Das Bundesfinanzgericht hat erwogen
Sachverhalt:
Der Sohn der Bf wurde im Zuge des Antrags- und Beschwerdeverfahrens zwei Mal im Sozialministeriumservice untersucht.
Im Gutachten vom setzte die Sachverständige bei N. den Grad der Behinderung mit 30% rückwirkend ab fest.
Im Gutachten vom setzte die Sachverständige den Grad der Behinderung mit 50% ab November 2022 fest.
Rechtsgrundlagen:
Gemäß § 2 Abs 1 lit a FLAG 1967 haben Personen, die im Bundesgebiet ihren Wohnsitz oder ihren gewöhnlichen Aufenthalt haben, Anspruch auf Familienbeihilfe für minderjährige Kinder.

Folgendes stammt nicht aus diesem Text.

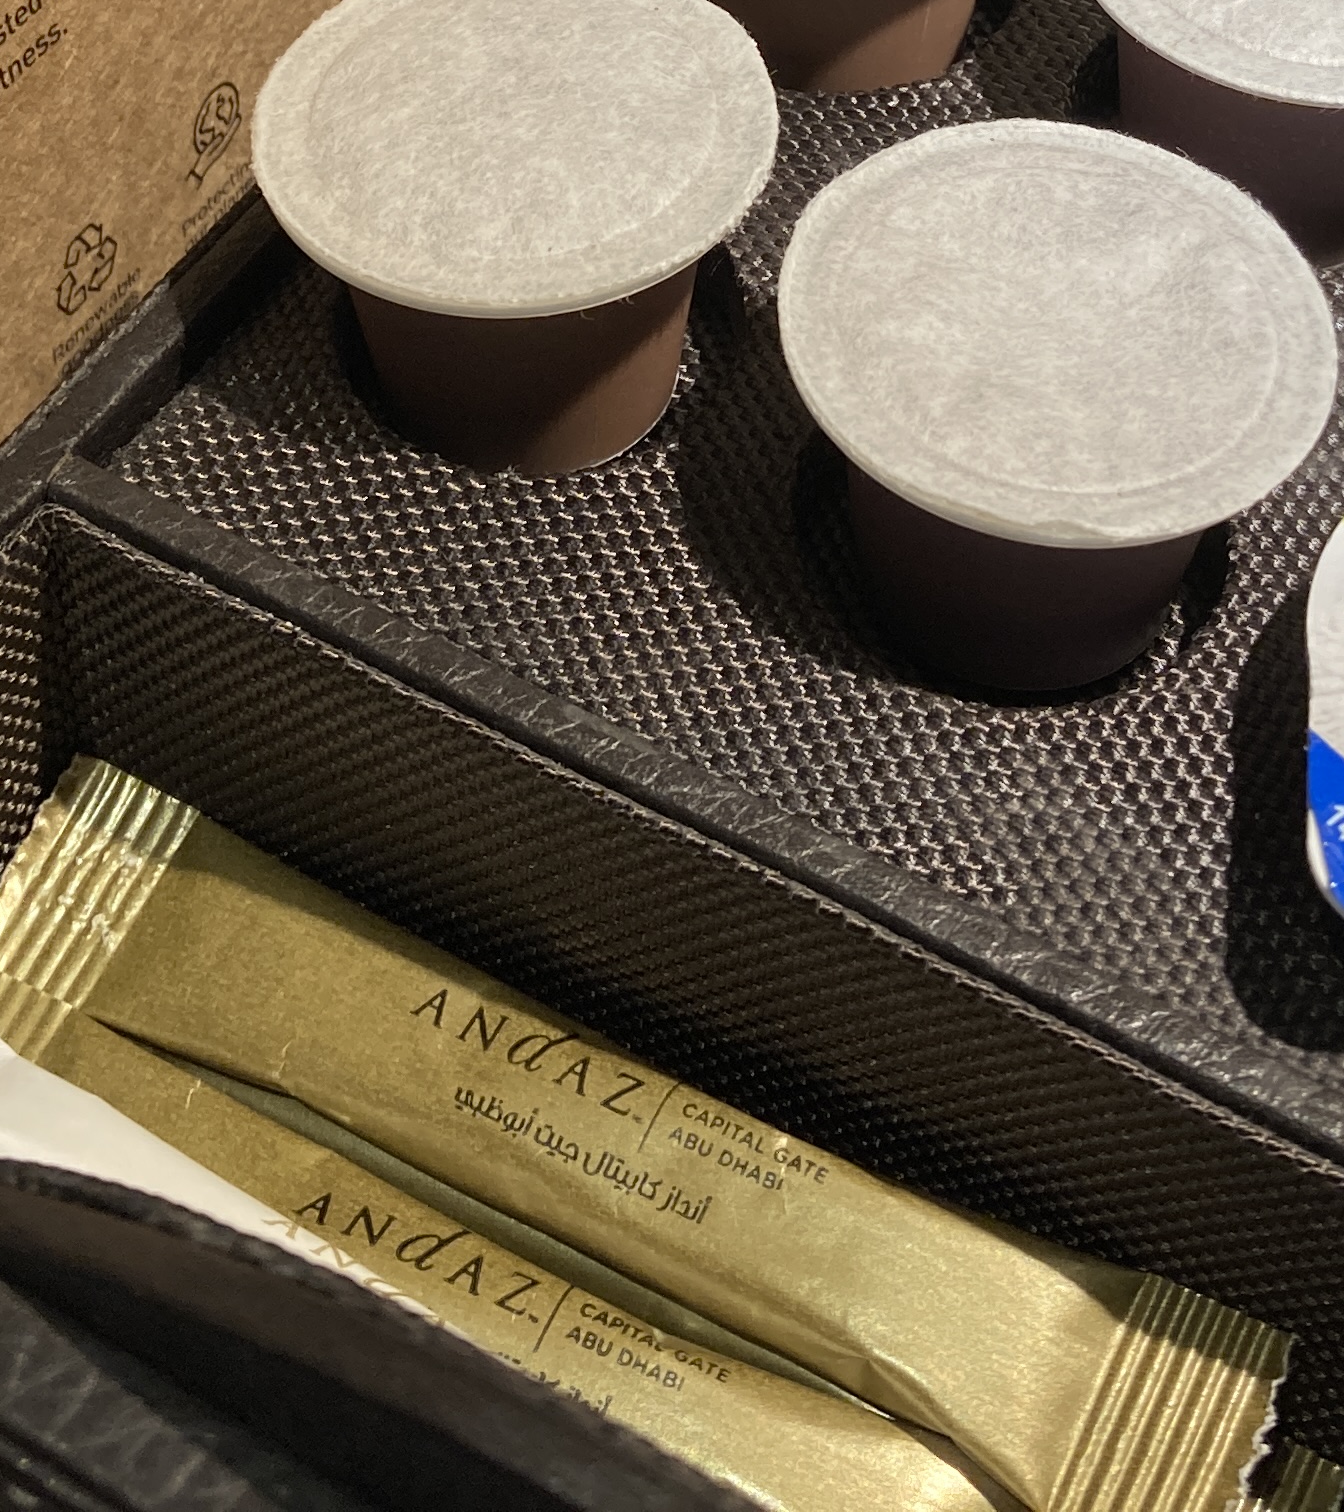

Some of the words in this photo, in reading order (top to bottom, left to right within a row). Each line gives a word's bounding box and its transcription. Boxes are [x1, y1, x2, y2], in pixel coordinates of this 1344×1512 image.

[667, 1126, 711, 1158] ABU
[716, 1149, 785, 1191] DHABI
[681, 1102, 763, 1155] CAPITAL
[773, 1149, 829, 1185] GATE
[565, 1326, 613, 1356] ABU
[616, 1347, 684, 1391] DHABI
[674, 1350, 731, 1383] GATE
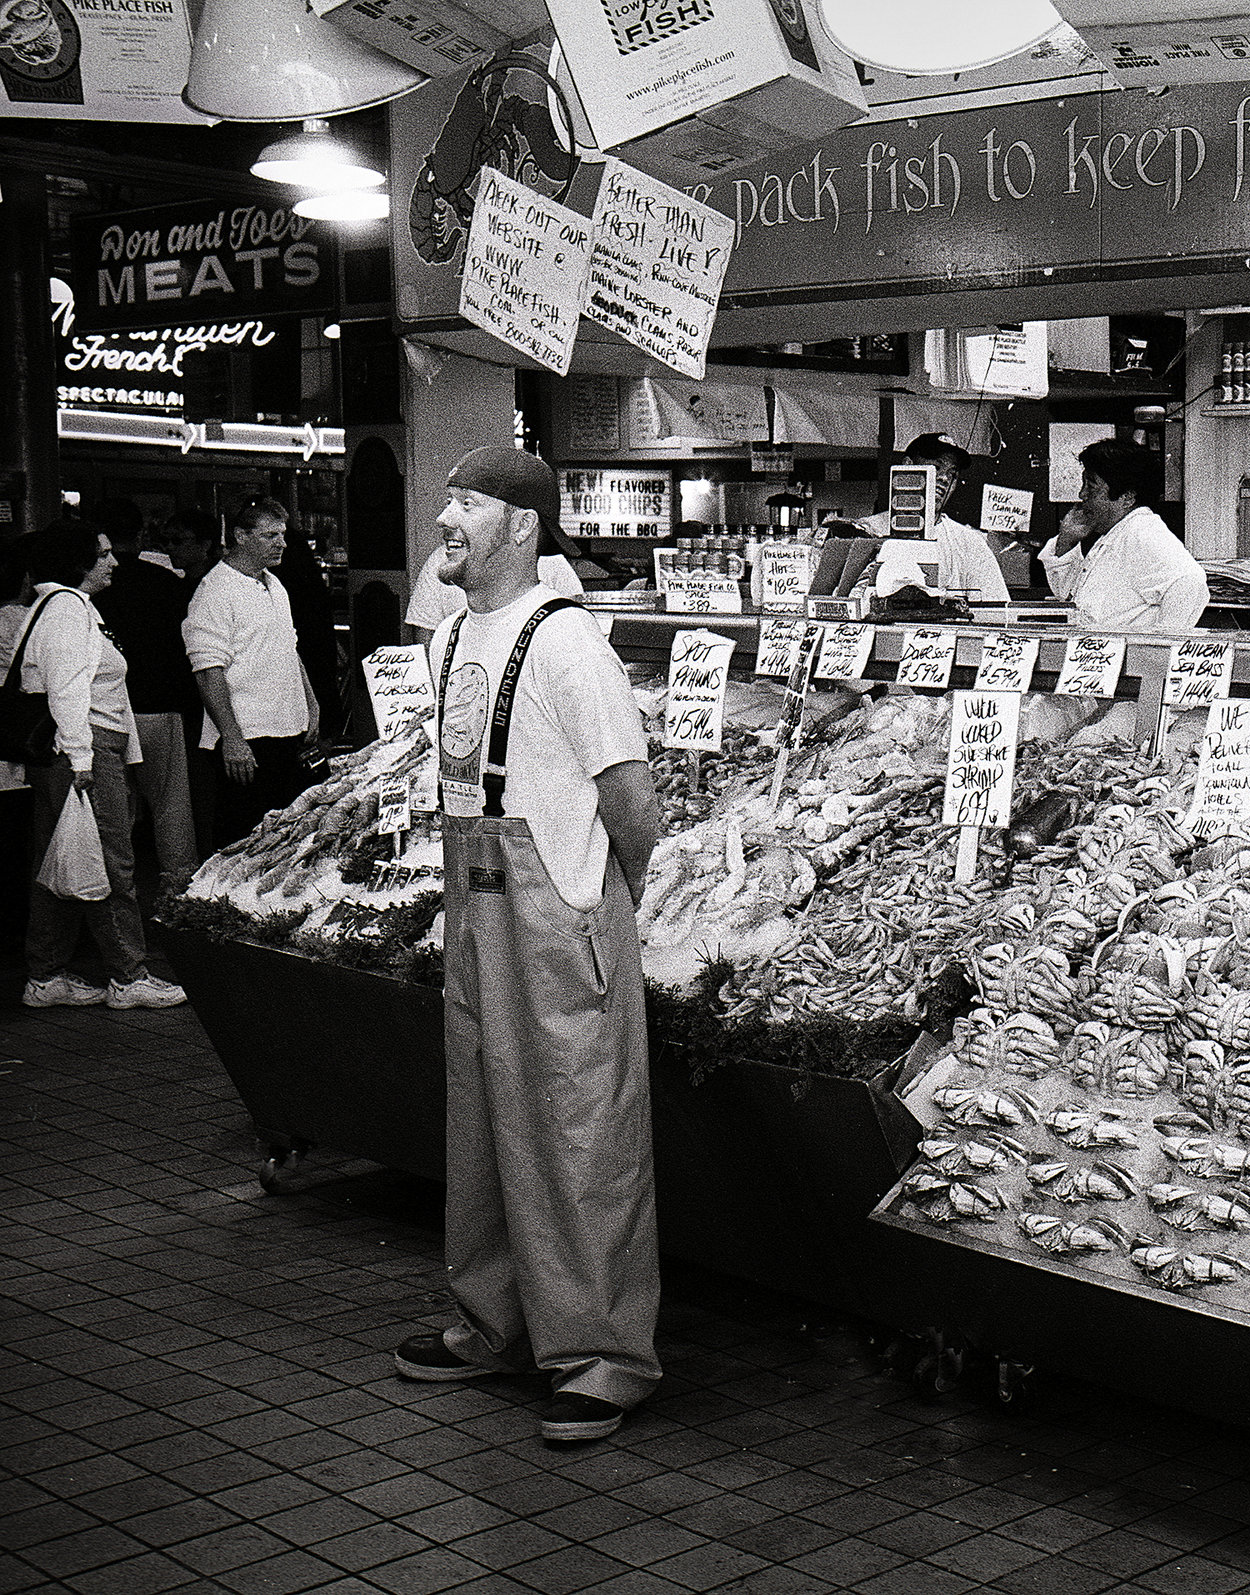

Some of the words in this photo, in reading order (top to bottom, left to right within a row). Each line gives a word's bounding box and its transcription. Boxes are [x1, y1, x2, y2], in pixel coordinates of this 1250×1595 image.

Gemäß § 10 Abs 1 FLAG 1967 wird die Familienbeihilfe nur auf Antrag gewährt und ist die Erhöhung der Familienbeihilfe für ein erheblich behindertes Kind (§ 8 Abs 4 leg. cit.) besonders zu beantragen.
Gemäß § 10 Abs 3 FLAG 1967 werden die Familienbeihilfe und die erhöhte Familienbeihilfe für ein erheblich behindertes Kind (§ 8 Abs 4 FLAG) höchstens für fünf Jahre rückwirkend vom Beginn des Monats der Antragstellung gewährt.
Gemäß § 8 Abs 4 FLAG 1967 erhöht sich die Familienbeihilfe für jedes erheblich behinderte Kind. Als erheblich behindert gilt ein Kind gemäß § 8 Abs. 5 FLAG 1967, bei dem eine nicht nur vorübergehende Funktionsbeeinträchtigung im körperlichen, geistigen oder psychischen Bereich oder in der Sinneswahrnehmung besteht. Als nicht nur vorübergehend gilt ein Zeitraum von voraussichtlich mehr als drei Jahren.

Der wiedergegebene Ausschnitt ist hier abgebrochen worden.